Work instruction:
Nothing in the records should be changed in the copy, though the pictures must be left out.

Input data: Begin

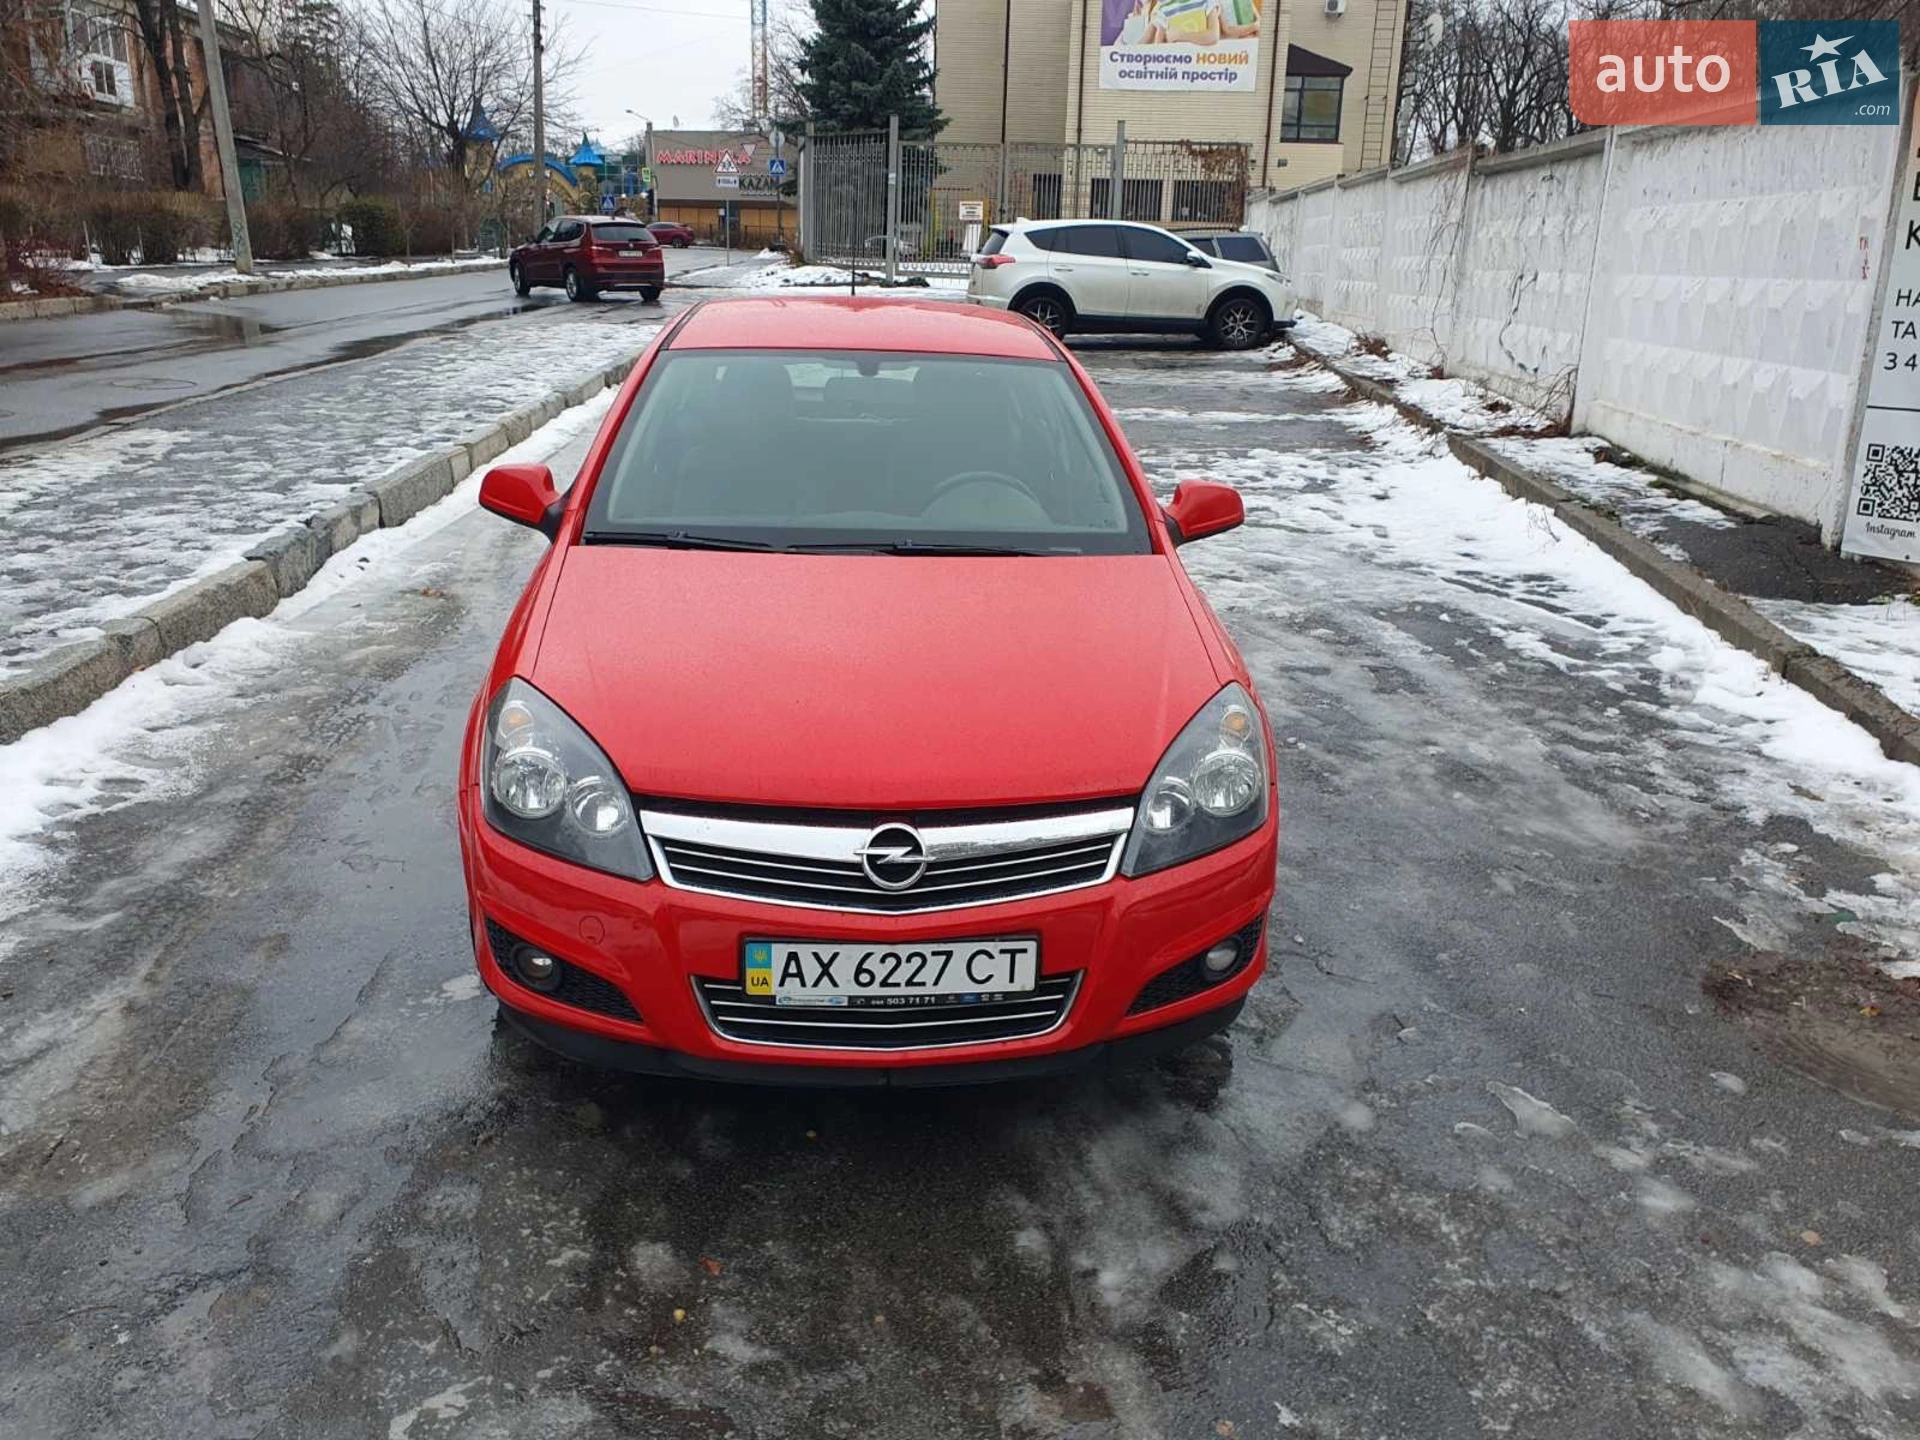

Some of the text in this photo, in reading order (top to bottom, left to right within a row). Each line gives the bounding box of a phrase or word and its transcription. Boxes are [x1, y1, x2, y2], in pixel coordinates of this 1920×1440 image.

[1109, 50, 1249, 66] Створюємо НОВИЙ
[1118, 67, 1237, 82] освітній простір
[1866, 522, 1916, 539] Instagram
[751, 948, 1028, 988] UA AX 6227 CT

Input data: End

Exercise response:
Some of the text in this photo, in reading order (top to bottom, left to right within a row). Each line gives the bounding box of a phrase or word and its transcription. Boxes are [x1, y1, x2, y2], in pixel coordinates of this 1920×1440 image.

[1109, 50, 1249, 66] Створюємо НОВИЙ
[1118, 67, 1237, 82] освітній простір
[1866, 522, 1916, 539] Instagram
[751, 948, 1028, 988] UA AX 6227 CT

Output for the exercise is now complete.